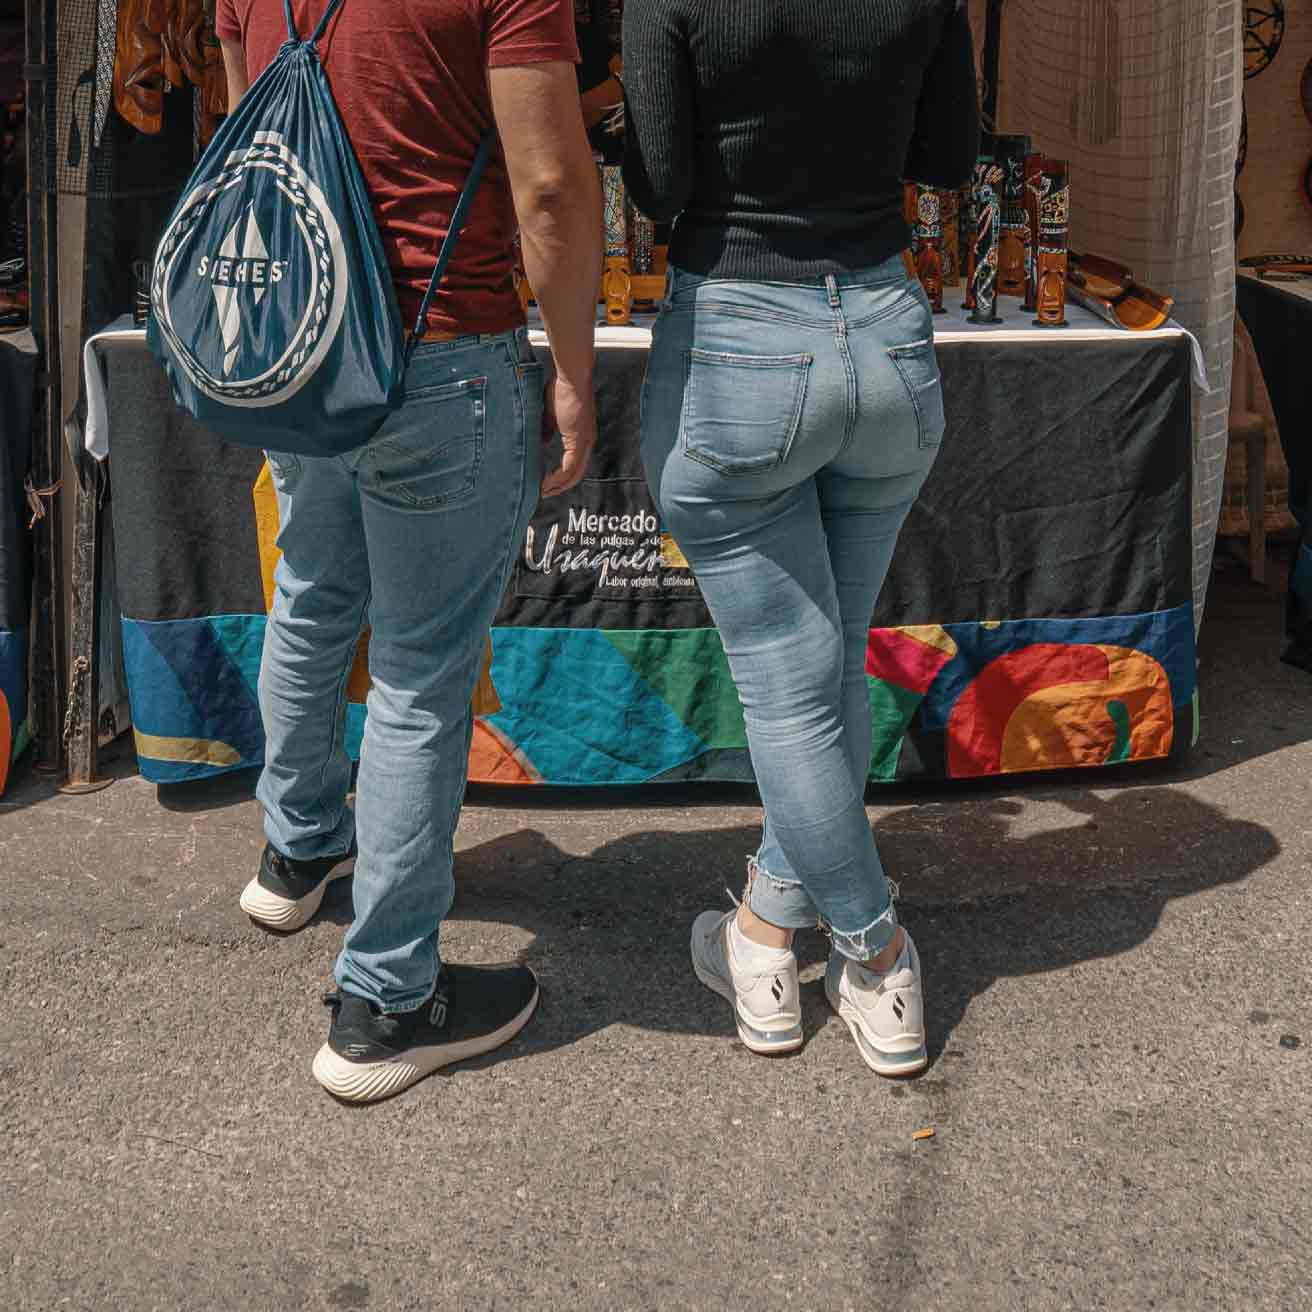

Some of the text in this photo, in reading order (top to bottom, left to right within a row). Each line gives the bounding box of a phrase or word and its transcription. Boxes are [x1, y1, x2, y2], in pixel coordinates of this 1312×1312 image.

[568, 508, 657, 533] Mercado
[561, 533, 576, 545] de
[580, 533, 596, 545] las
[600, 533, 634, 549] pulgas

☆ ☆ ☆

Work request = Without the pictures, print the records in full, exactly as they appear.

Task output =
Some of the text in this photo, in reading order (top to bottom, left to right within a row). Each line gives the bounding box of a phrase or word and its transcription. Boxes are [x1, y1, x2, y2], in pixel coordinates of this 1312×1312 image.

[568, 508, 657, 533] Mercado
[561, 533, 576, 545] de
[580, 533, 596, 545] las
[600, 533, 634, 549] pulgas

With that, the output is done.